I am considering buying another 74GB Raptor and run RAID 0 with the two disks. I have built in RAID on my Asus Maximus mobo.

Second alternative is just to buy a 150GB Raptor instead. Its only like $30 more than the 74GB.

Questions then are:
Which option will be faster? The 150gig Raptor has 16MB cache vs 8MB on the other one. Remember that this is my system disk.
I read somewhere that Windows won't install to RAID. Is this true?
Is the built in RAID on my mobo high quality (suffice to use at least)?


Thanks!
 
I just upgraded from 2 36.7 8MB Cache Raptors to a single 80GB 16MB Cache raptor and the single drive is performing much better then the 2 in RAID.

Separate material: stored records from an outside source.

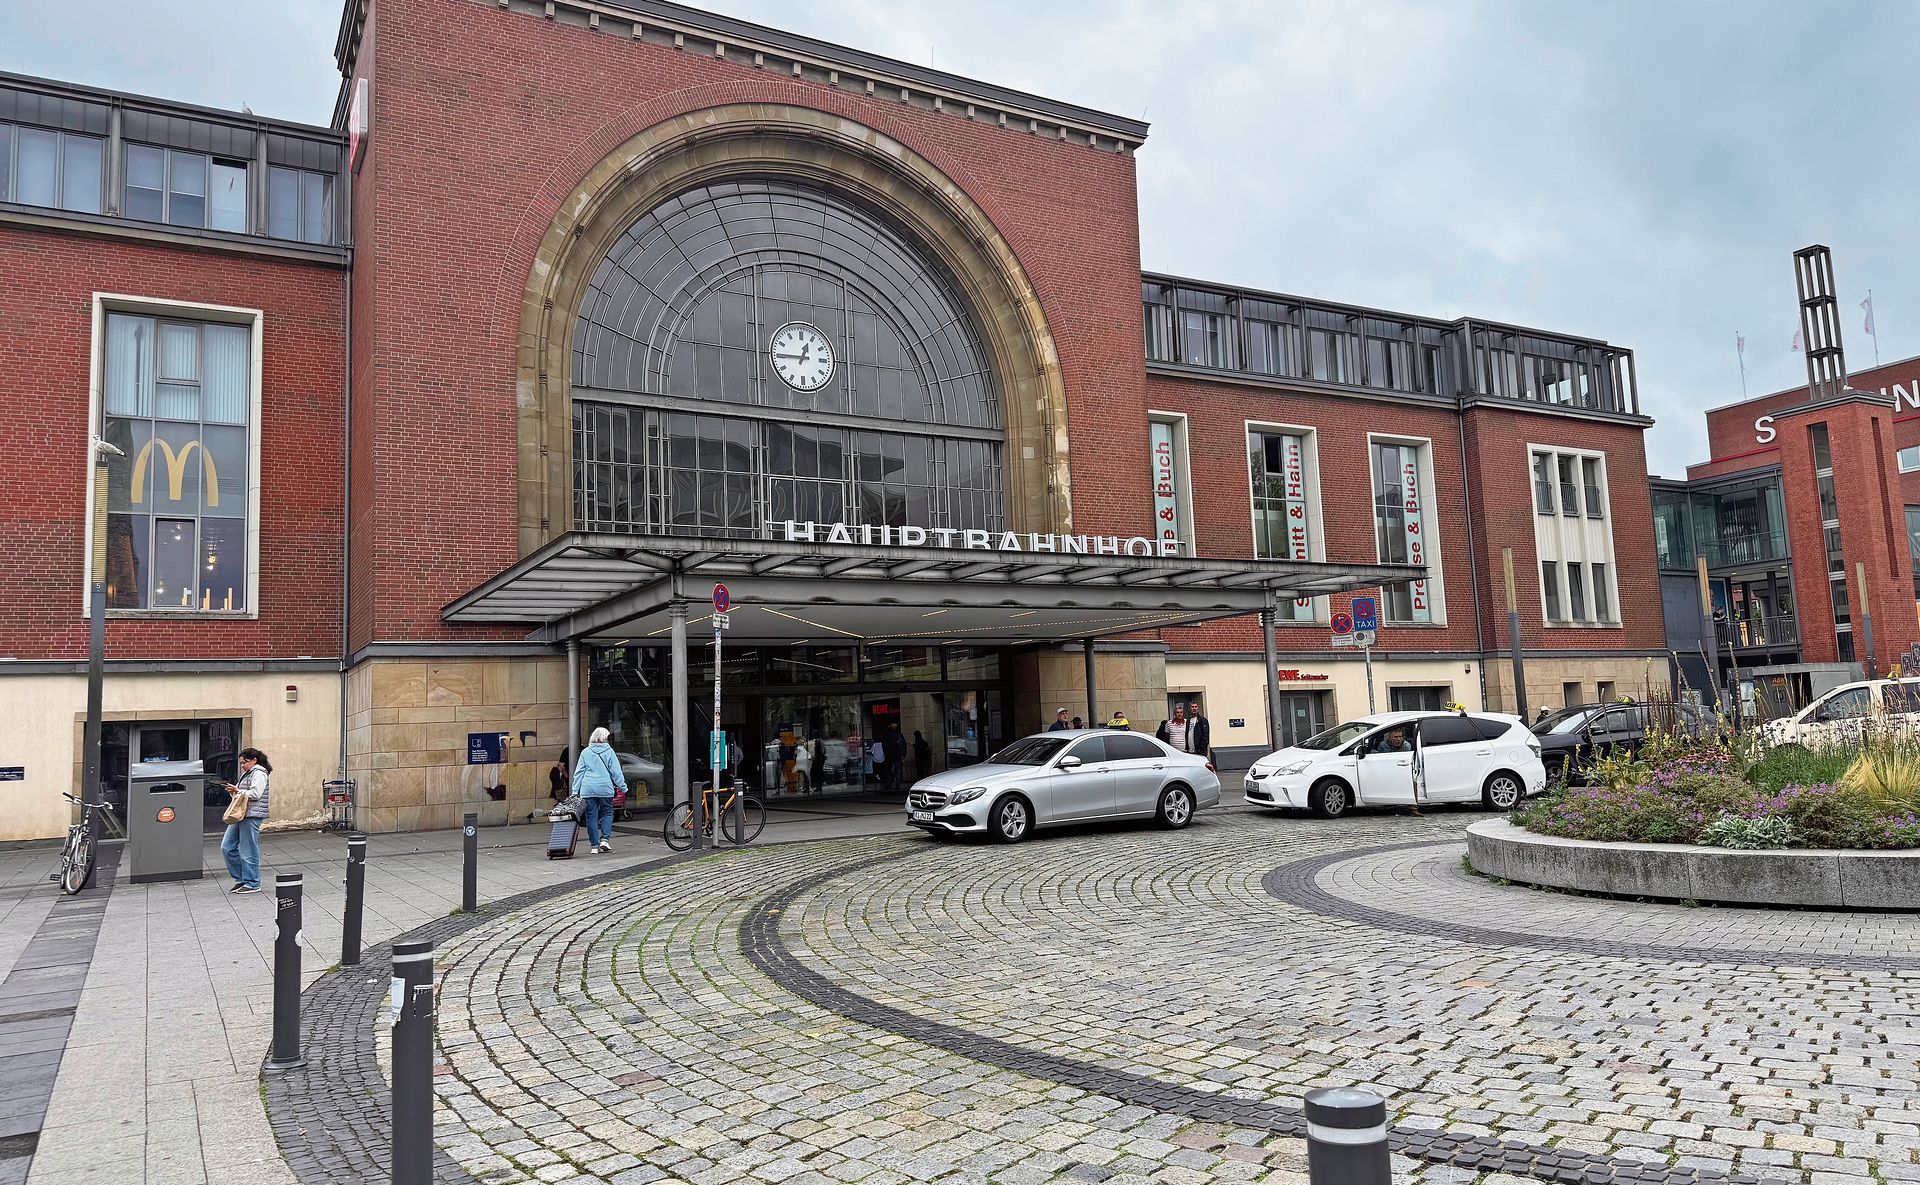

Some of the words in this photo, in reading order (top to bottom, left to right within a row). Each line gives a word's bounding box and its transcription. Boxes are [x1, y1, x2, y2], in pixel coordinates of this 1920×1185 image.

[1156, 442, 1172, 498] Buch
[1287, 444, 1301, 498] Hahn
[1403, 463, 1418, 513] Buch
[1290, 505, 1303, 519] &
[1408, 521, 1419, 535] &
[785, 519, 1178, 557] HAUPTBAHNHOF
[1411, 541, 1426, 610] Prese
[1356, 620, 1375, 629] TAXI
[1277, 669, 1300, 680] EWE

You can install Windows on a RAID Array, you just have to install the RAID drivers at the beggining of the installation.

Most onboard RAID controllers do fairly well for themselves in terms of performance.

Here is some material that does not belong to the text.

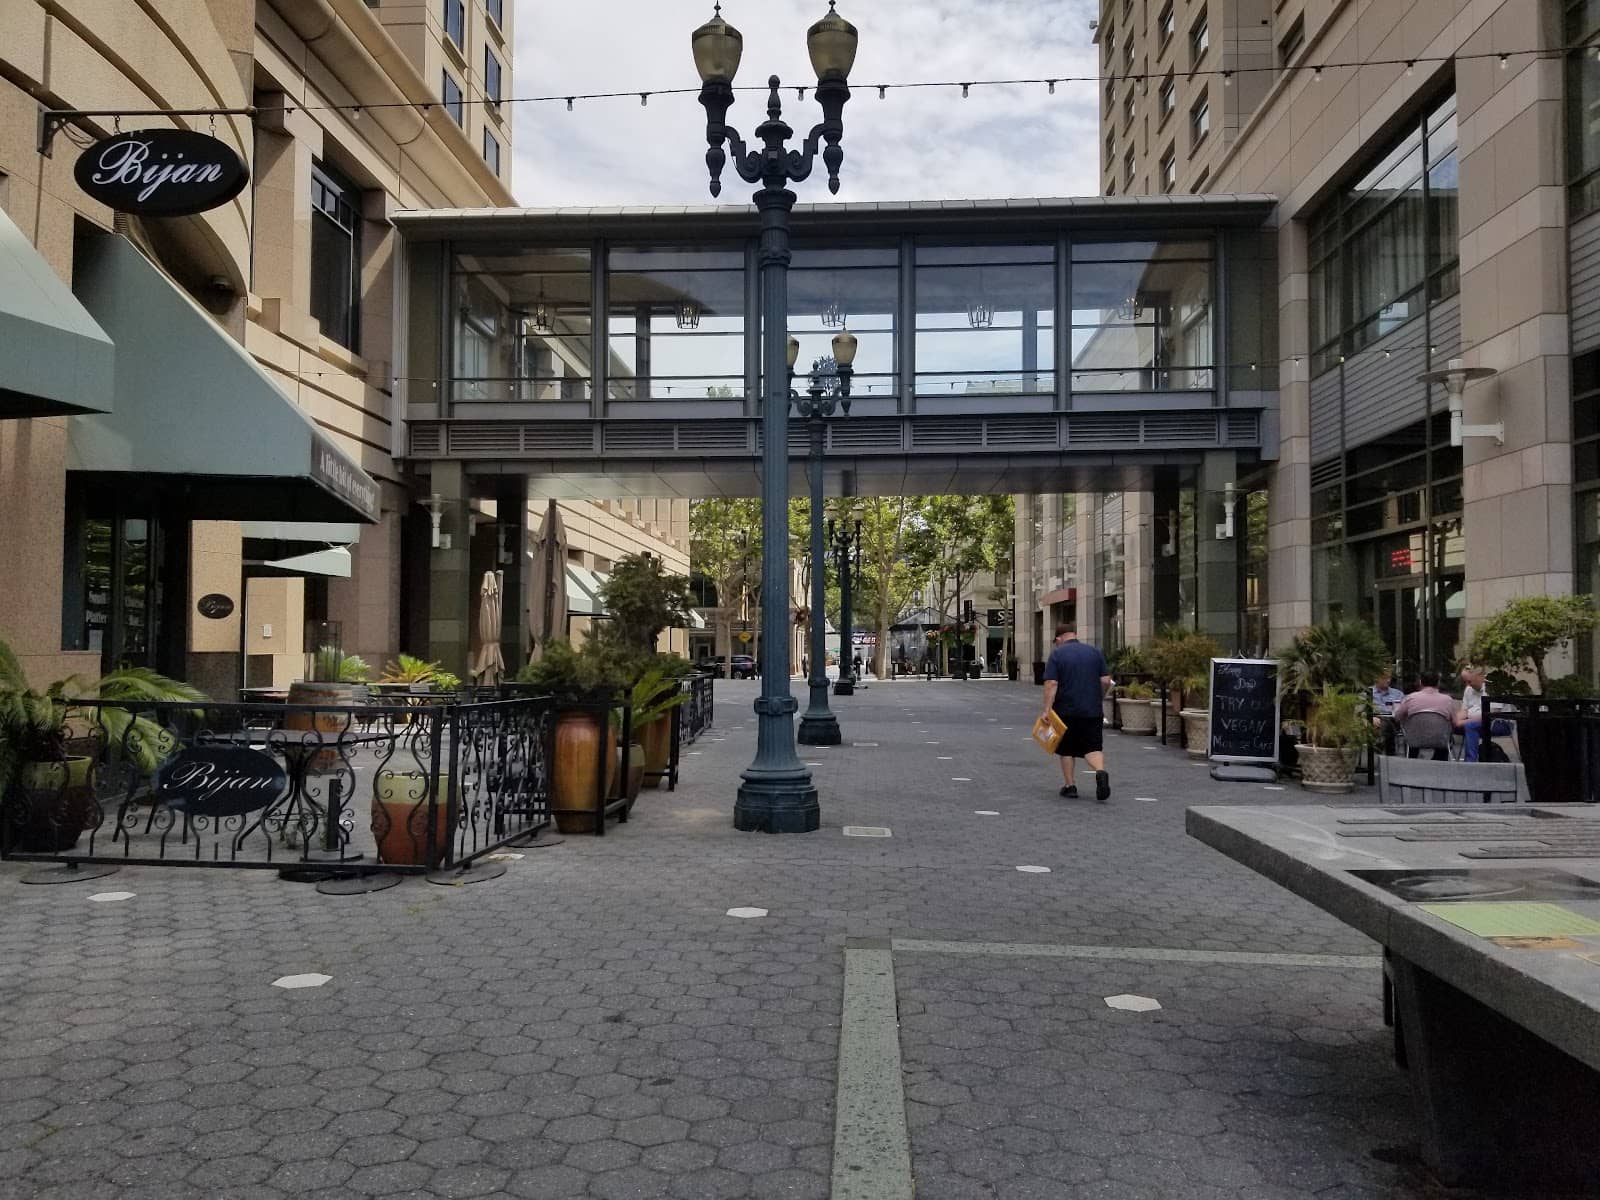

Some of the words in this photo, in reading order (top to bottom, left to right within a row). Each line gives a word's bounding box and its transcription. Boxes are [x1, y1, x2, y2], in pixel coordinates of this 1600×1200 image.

[91, 140, 223, 202] Bijan
[325, 453, 339, 482] little
[162, 760, 274, 801] Bijan

I would go with the 150GB 16MB drive over another 74GB 8MB drive.
 
Why not just go 150gb as your main drive; put the OS and maybe games and programs on there then keep your 74 gb as a secondary hard drive and put the swap file and documents and what ever else on that drive.
 
Thanks all. I think I'll go for the 150GB. Was just wondering if the RAID would give me a performance boost over the other option, but that does not seem to be the case.
Plus, its good to avoid the hassle with RAIDing.
 
RAID is the way to go. Its always going to be faster then a single drive (unless the drives in the array are complete trash)
In this case you will see a performance gain going raid with the 'lesser' drives then one single 'better' drive
 
RAID is the way to go. Its always going to be faster then a single drive (unless the drives in the array are complete trash)
In this case you will see a performance gain going raid with the 'lesser' drives then one single 'better' drive

How big will the performance increase be?
The recommendations here seem to differ. I always thought RAID was faster though.

Not sure what to do
 
The benefits are very good. How good is up to how much you want to spend.
If you dont care about data and your wallet can absorb 3 HD's go for raid 0
If you need redundancy and can only go 2 drives raid 1
if money is no matter then go multiple arrays 1 for boot and one for apps

Sticking to your original specs raid 1 with 2 drives will smoke your proposed 1 drive.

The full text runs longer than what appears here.